The wavelength `lambda` of de Broglie waves associated with an electron (mass `m`, charge) accelerated through a potential difference of `V` is given by (`h` is plank's constant):

To find the de Broglie wavelength (λ) of an electron that has been accelerated through a potential difference (V), we can follow these steps: ### Step-by-Step Solution: 1. **Understand the Concept of Kinetic Energy**: When an electron is accelerated through a potential difference (V), it gains kinetic energy.

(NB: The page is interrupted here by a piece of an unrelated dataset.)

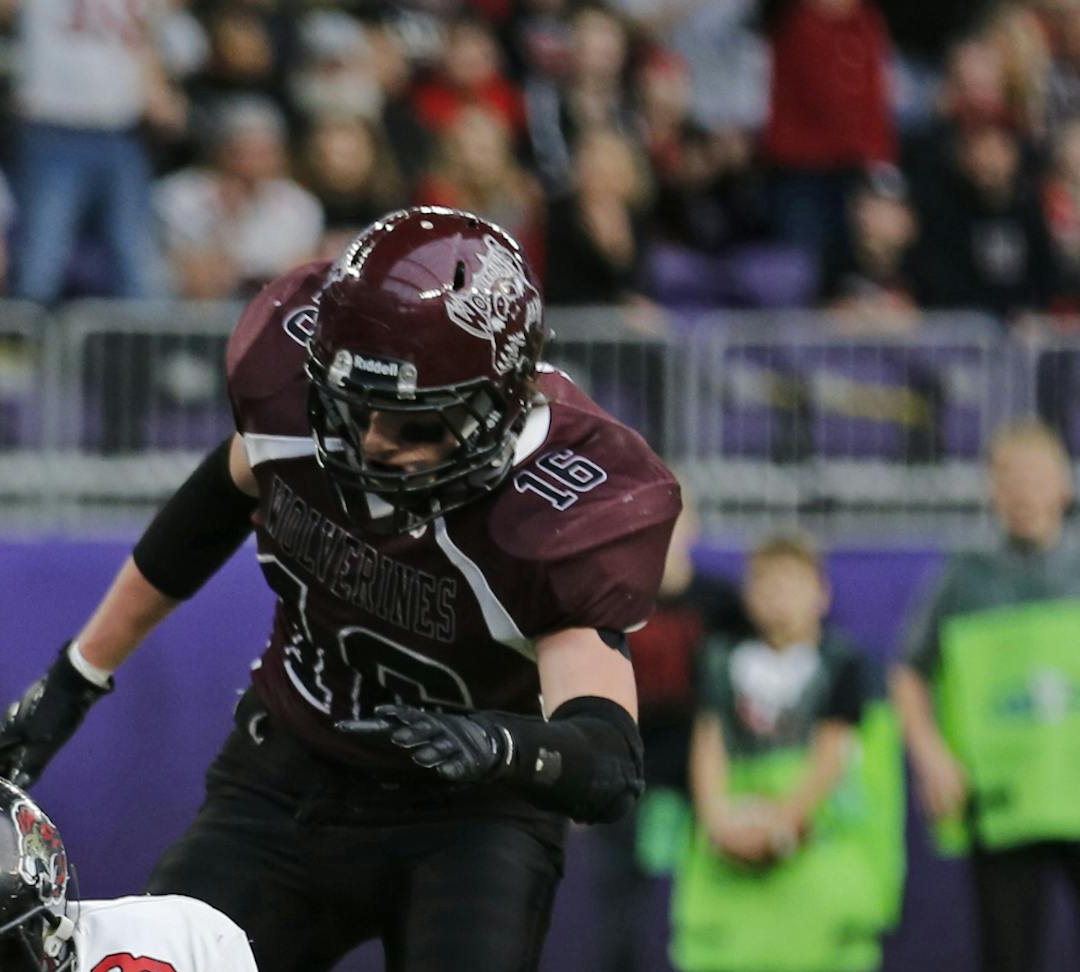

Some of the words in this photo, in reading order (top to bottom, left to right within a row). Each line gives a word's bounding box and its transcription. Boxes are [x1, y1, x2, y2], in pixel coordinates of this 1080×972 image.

The kinetic energy (KE) gained by the electron can be expressed as: \[ KE = eV \] where \( e \) is the charge of the electron. 2. **Relate Kinetic Energy to Momentum**: The momentum (P) of an object can be related to its kinetic energy using the formula: \[ KE = \frac{P^2}{2m} \] Rearranging this gives us: \[ P = \sqrt{2m \cdot KE} \] 3. **Substituting Kinetic Energy**: Now, substitute the expression for kinetic energy (KE = eV) into the momentum equation: \[ P = \sqrt{2m \cdot eV} \] 4. **Using the de Broglie Wavelength Formula**: The de Broglie wavelength (λ) is given by the formula: \[ \lambda = \frac{h}{P} \] where \( h \) is Planck's constant. 5. **Substituting Momentum into the Wavelength Formula**: Now substitute the expression for momentum (P) into the de Broglie wavelength formula: \[ \lambda = \frac{h}{\sqrt{2m \cdot eV}} \] 6. **Final Expression**: Thus, the wavelength of the de Broglie waves associated with an electron accelerated through a potential difference \( V \) is: \[ \lambda = \frac{h}{\sqrt{2meV}} \] ### Conclusion: The correct expression for the de Broglie wavelength of an electron accelerated through a potential difference \( V \) is \( \lambda = \frac{h}{\sqrt{2meV}} \).